Data Replication, Snapshots, Mirroring, Auditing, and Metrics Collection
Provides an overview of what Data Replication, Snapshots, Mirroring, Auditing, and Metrics Collection are.
Replication
Data from one of the replica containers is first offloaded and then the data in all the replica containers is purged. file system only stores the metadata after data is offloaded. The offload is considered successful only when data on all active replicas have been purged (or removed from the storage pool to release the disk space on the data-fabric filesystem). If, during the offload, the node on which one of the replicas reside is down, the data on that container is purged once the node comes back up.
In the tiering architecture, although data is moved to the storage tier, the namespace of the volume continues to be 3-way replicated. So, the metadata related to namespace container has 3x cost.
The offloaded replica containers are recalled if/when the whole volume is recalled. When a replica is reinstituted to the cluster as a result of a recall operation, a re-synchronization happens to bring all the replicas up to date from the designated master container.
Snapshots
You can associate a snapshot schedule with tiering-enabled volumes. When the data in the volume is offloaded, associated snapshots are also offloaded and file system only stores the metadata. If the whole volume is recalled, the snapshots are also recalled to the data-fabric filesystem. When offloading recalled snapshots, the rules for data offload apply to snapshots as well.
Mirroring
You can create tiering-enabled source volumes and associate them with tiering-enabled mirror volumes. You cannot associate tiering-enabled mirror volumes with standard volumes that are not tiering-enabled and vice versa. Only homogeneous combination of mirror and standard volumes are supported; heterogeneous combination of mirror and standard volumes are not supported.

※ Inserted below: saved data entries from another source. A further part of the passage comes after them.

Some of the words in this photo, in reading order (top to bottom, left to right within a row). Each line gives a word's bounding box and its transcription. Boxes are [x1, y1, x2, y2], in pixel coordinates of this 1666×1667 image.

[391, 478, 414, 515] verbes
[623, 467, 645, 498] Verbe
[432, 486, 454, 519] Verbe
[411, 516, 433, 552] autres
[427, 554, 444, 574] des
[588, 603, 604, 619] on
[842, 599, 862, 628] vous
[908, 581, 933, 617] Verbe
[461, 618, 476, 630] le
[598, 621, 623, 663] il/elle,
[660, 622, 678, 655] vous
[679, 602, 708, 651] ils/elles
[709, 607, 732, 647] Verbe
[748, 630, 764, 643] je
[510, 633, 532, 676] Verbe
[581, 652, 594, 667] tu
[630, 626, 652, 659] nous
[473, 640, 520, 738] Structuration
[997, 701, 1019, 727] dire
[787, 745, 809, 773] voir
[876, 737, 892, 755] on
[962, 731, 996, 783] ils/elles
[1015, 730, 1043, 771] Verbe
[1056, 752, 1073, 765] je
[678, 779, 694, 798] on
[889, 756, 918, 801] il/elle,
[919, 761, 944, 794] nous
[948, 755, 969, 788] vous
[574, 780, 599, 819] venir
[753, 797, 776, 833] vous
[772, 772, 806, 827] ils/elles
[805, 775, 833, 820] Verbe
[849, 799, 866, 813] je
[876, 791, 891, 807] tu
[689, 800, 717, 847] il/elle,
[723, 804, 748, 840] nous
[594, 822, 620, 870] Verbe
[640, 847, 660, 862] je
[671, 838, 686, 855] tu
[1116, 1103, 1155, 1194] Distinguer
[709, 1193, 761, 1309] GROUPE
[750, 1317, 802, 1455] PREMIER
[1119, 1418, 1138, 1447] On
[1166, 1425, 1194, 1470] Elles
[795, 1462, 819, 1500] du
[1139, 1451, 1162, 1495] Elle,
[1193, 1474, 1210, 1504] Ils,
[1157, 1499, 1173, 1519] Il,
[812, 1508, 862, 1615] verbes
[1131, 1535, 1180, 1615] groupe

When a synchronization of the tiering-enabled mirror volume with the (local or remote) tiering-enabled source volume is triggered (either manually or automatically based on a schedule), the mirror volume synchronizes with the source volume if source volume data is local (and not yet tiered). On the other hand, if the source volume data is tiered, the tiering-enabled mirror volume synchronizes with the tiered data fetched by the MAST Gateway that is assigned to the source volume. Incremental changes in the mirror volume are offloaded based on the offload rules associated with the tiering-enabled mirror volume.

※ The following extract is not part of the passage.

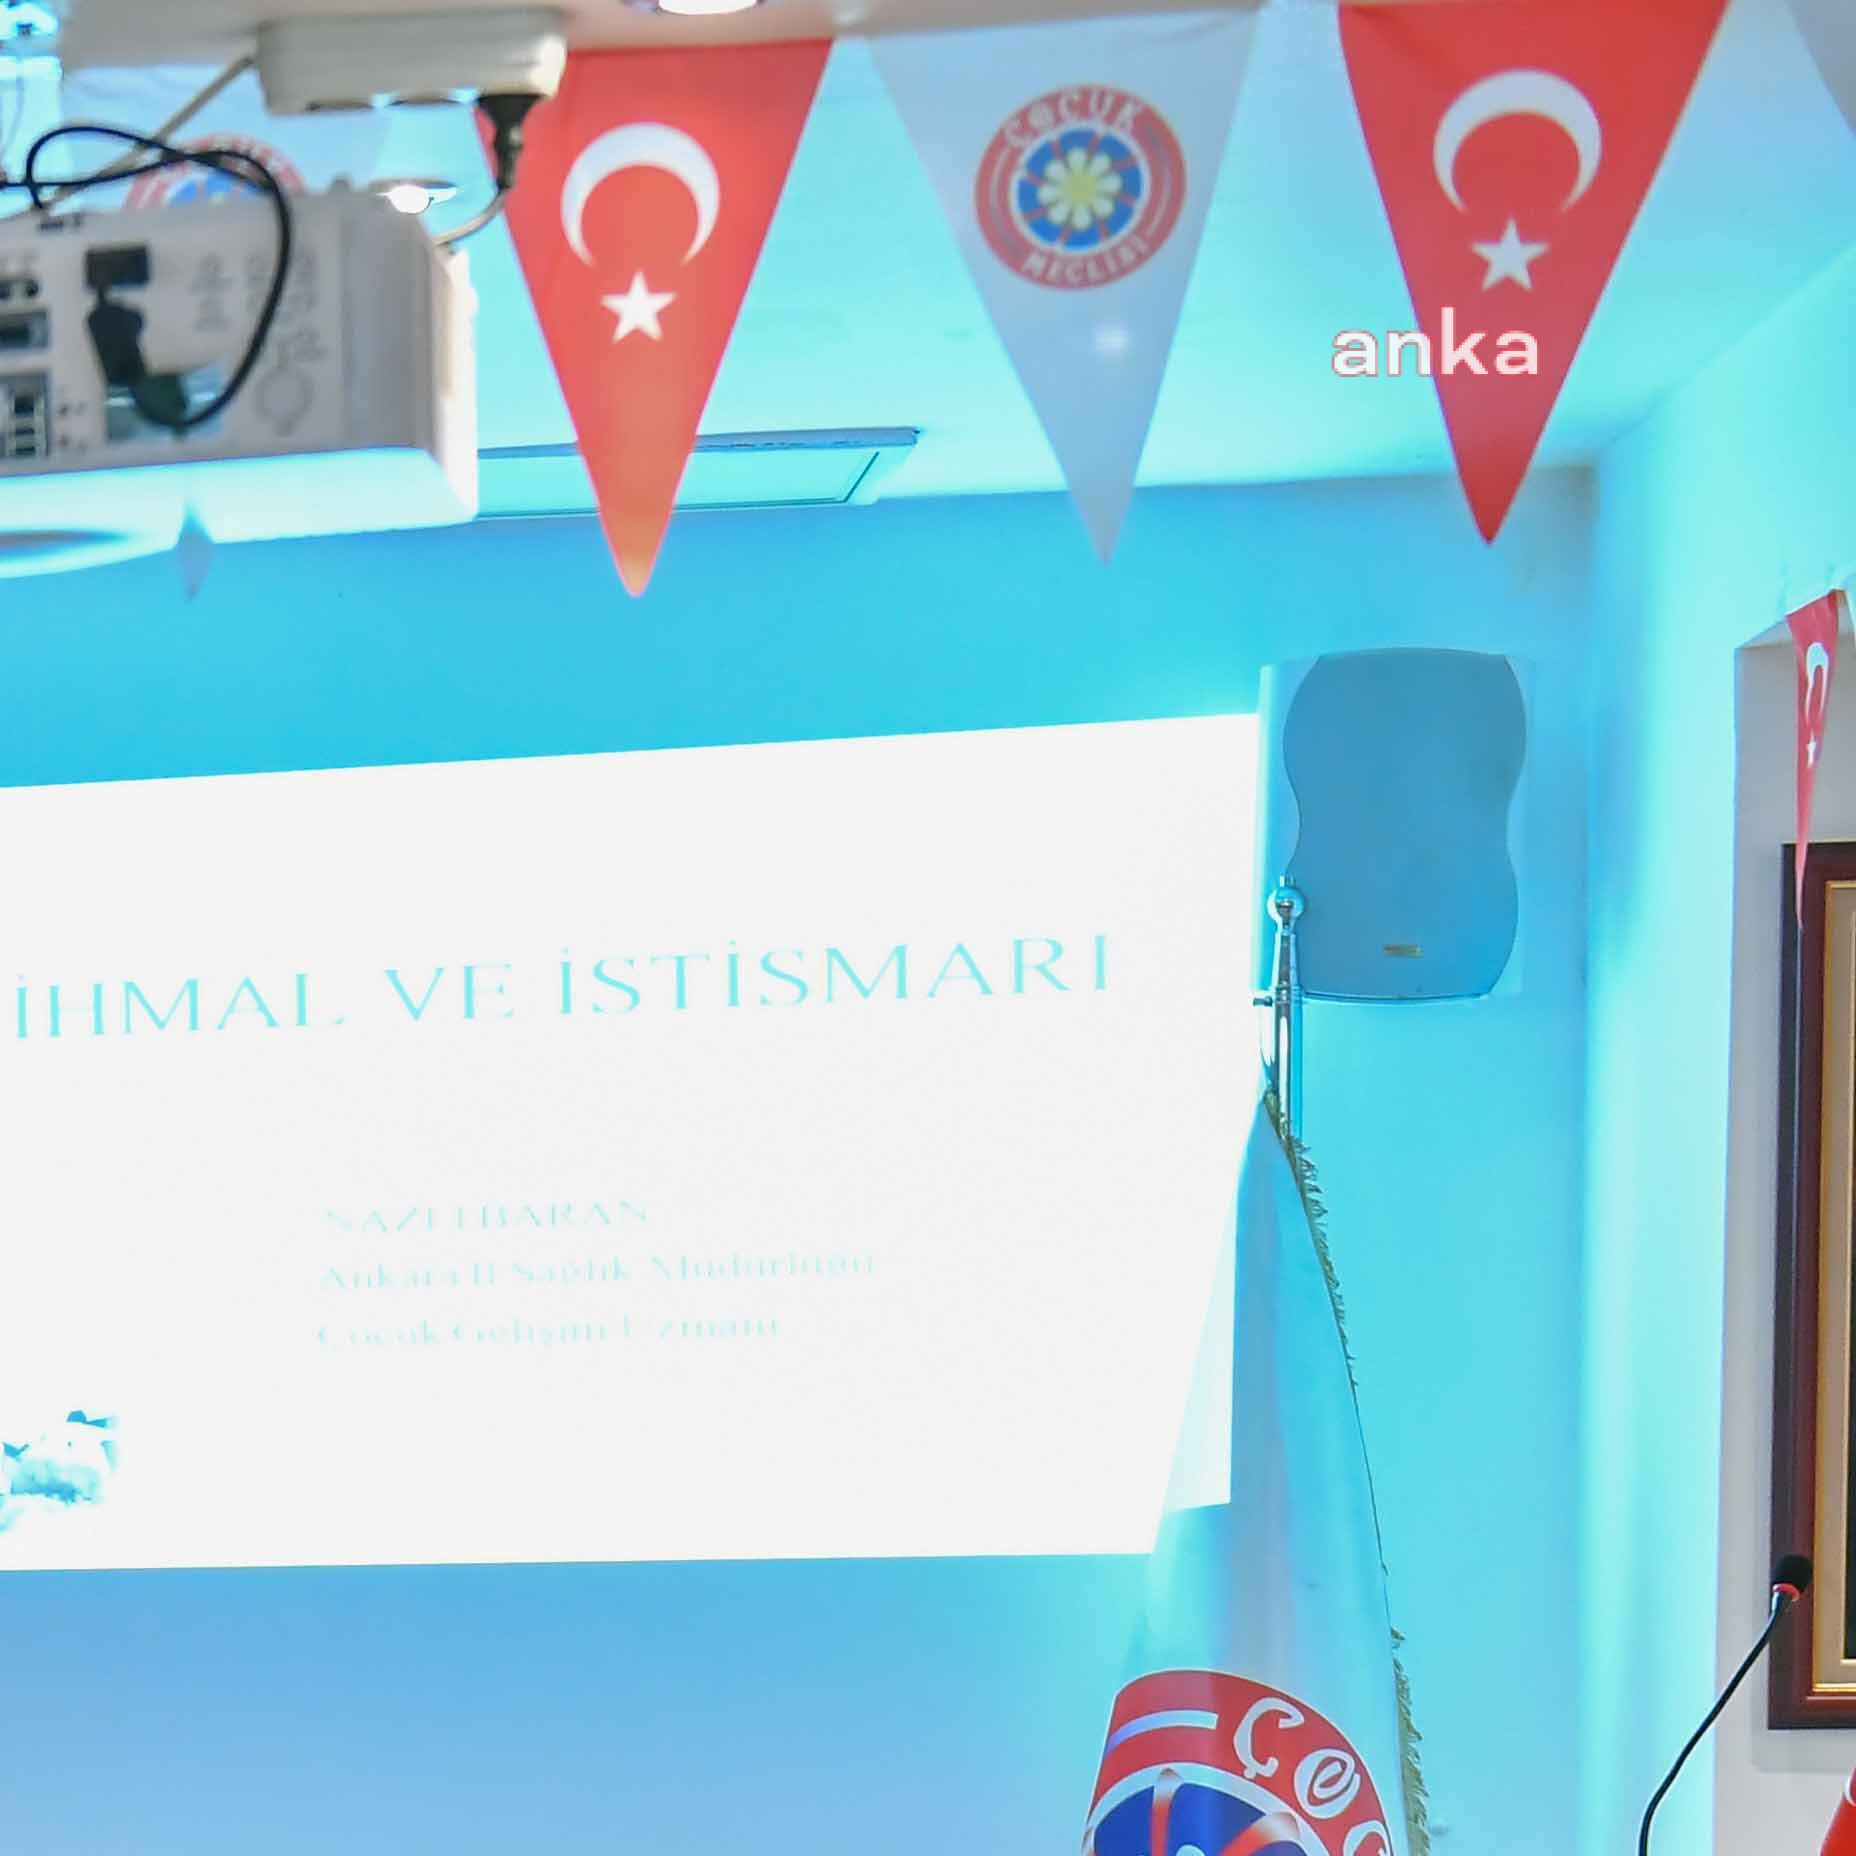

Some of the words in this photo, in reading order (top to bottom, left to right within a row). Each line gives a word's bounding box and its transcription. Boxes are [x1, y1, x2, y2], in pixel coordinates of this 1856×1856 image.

[15, 972, 347, 1040] İHMAL
[384, 960, 515, 1022] VE
[559, 931, 1111, 1017] İSTİSMARI

- Using Tiering-Enabled Mirror Volumes for Disaster Recovery
- You can create a secondary, cost optimized disaster recovery cluster for a primary
three-way replicated cluster. To do this, create two clusters — a primary
tiering-enabled cluster with no active schedule to automatically offload data and an
associated secondary cluster where primary cluster data is mirrored and then
aggressively offloaded to the tier. While the primary or source cluster continues to be
three-way replicated, if the the secondary, disaster recovery cluster data is:
- Erasure coded (warm tier), it provides space savings in the range of 1.2x-1.5x.

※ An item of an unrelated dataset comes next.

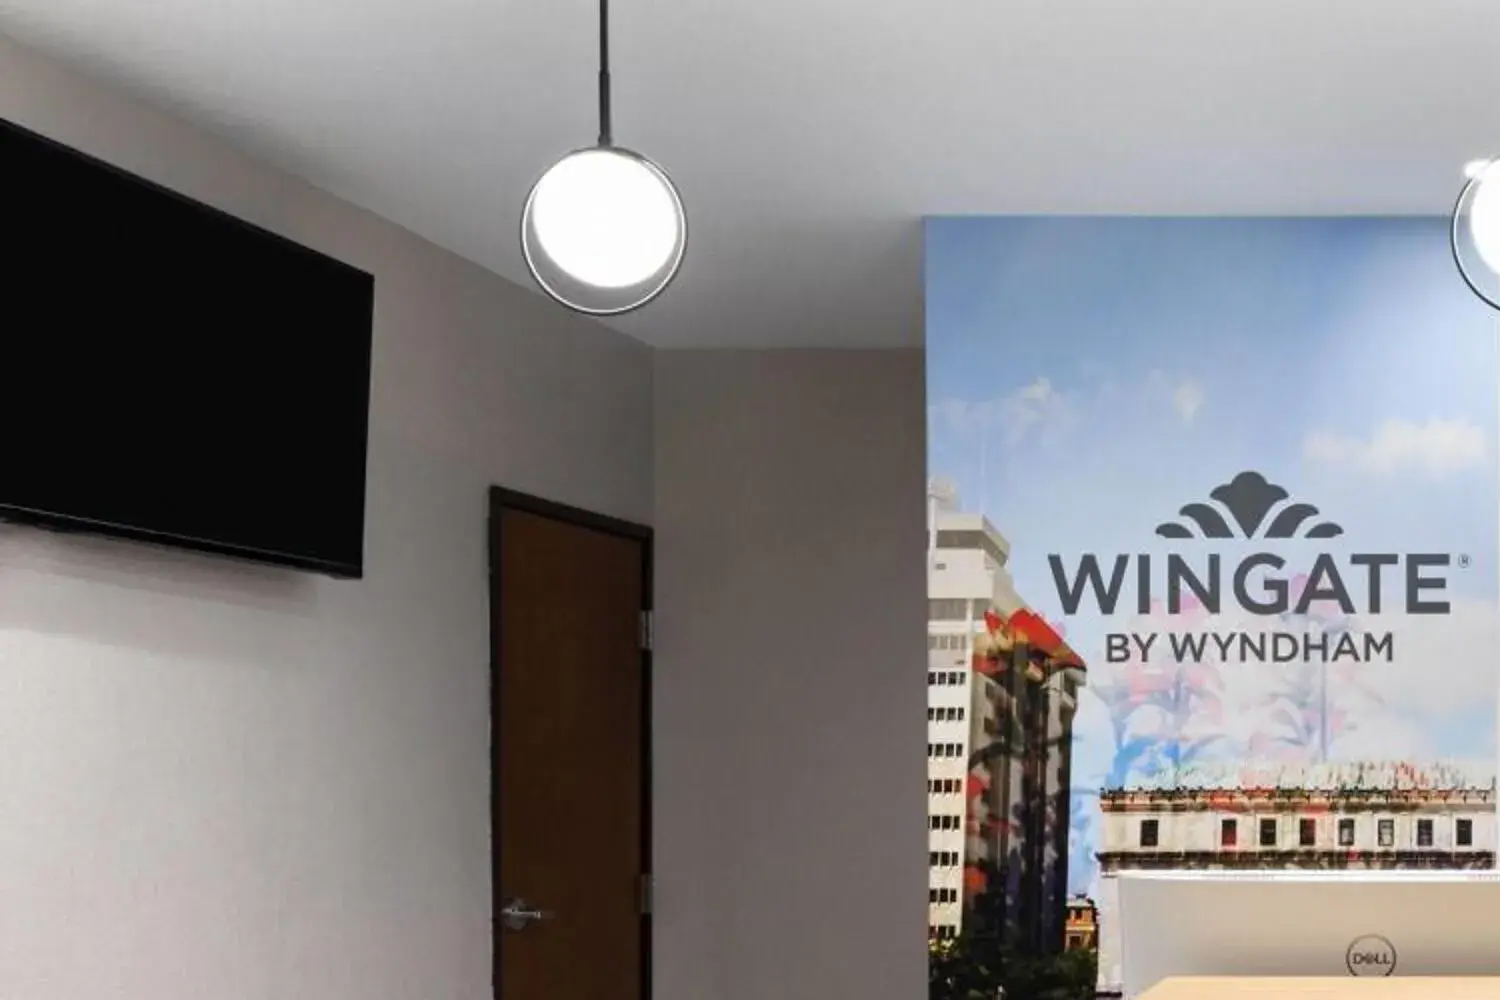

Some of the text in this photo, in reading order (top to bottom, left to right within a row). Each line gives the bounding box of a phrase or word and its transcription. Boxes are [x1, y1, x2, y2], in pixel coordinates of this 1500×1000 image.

[1047, 552, 1451, 615] WINGATE
[1105, 632, 1394, 663] BY WYNDHAM
[1352, 952, 1392, 965] DELL

- On a third-party cloud storage (cold tier), it can be three-way replicated on a low-cost storage alternative.
tierjobstatus
command for the offload or recall job shows
AbortedInternal status.Auditing
The data-fabric audit feature lets
you log audit records of cluster-administration operations and operations on the data in the
volume. Scheduled (and automatically triggered) tiering operations such as offload and
compaction are not audited. However, if auditing is enabled at the cluster level, the
manually triggered volume-level tiering operations such as offload, recall, abort, etc. are
audited in the CLDB audit logs. For example, you can see a record similar to the following
in the /opt/mapr/logs/cldbaudit.log.json
file for volume offload
command:
{"timestamp":{"$date":"2018-06-07T15:34:28.580Z"},"resource":"vol1","operation":"volumeOffload","uid":0,"clientip":"10.20.30.40","status":0}
If auditing is enabled for data in the tiering-enabled volume and files within, file-level
tiering operations such as offload, recall, etc. triggered using the REST API, hadoop, and dot-interface are audited in the
FS audit logs
(/var/mapr/local/<hostname>/audit/5661/FSAudit.log-<*>.json
file).See Auditing Data Access Operations for the
list of file-level tiering operations that are audited. You can selectively enable or
disable auditing of these operations. See Selective Auditing of File-System, Table, and Stream Operations Using the CLI for more information. For
example, you can see records similar to the following in the
/var/mapr/local/<hostname>/audit/5661/FSAudit.log-<*>.json
file for
file offload
command:
/mapr123/Cloudpool19//var/mapr/local/abc.sj.us/audit/5660/FSAudit.log-2018-09-12-001.json:1:{"timestamp":{"$date":"2018-09-12T05:47:04.199Z"},"operation":"FILE_OFFLOAD","uid":0,"ipAddress":"10.20.35.45","srcFid":"3184.32.131270","volumeId":16558233,"status":0}
Both the tier rule list
and
tier list
commands are audited in
the /opt/mapr/logs/cldbaudit.log.json
file as well as the
/opt/mapr/mapr-cli-audit-log/audit.log.json
file. The record in the audit
log might look something similar to the following:
{"timestamp":{"$date":"2018-06-13T09:15:24.004Z"},"resource":"cluster","operation":"offloadRuleList","uid":0,"clientip":"10.10.81.14","status":0}
{"timestamp":{"$date":"2018-06-13T09:14:42.304Z"},"resource":"cluster","operation":"tierList","uid":0,"clientip":"10.10.81.14","status":0}
When auditing operations like tierjobstatus
and
tierjobabort
, the coalesce interval set at the volume level is not
honored. You may see multiple records of the same operation from the same client in the
log.
Read requests processed using cache-volumes or erasure-coded volumes are not audited because when the file is accessed, the request first goes to the front-end volume and the operation is audited there. The audit record contains the ID of the front-end volume (volid) and primary file ID (fid). However, the write to the cache-volume for a volume-level recall of data is audited in the audit logs on the file server hosting the cache-volume with the primary file ID (fid). The write to the cache-volume for a file-level recall of data is not audited.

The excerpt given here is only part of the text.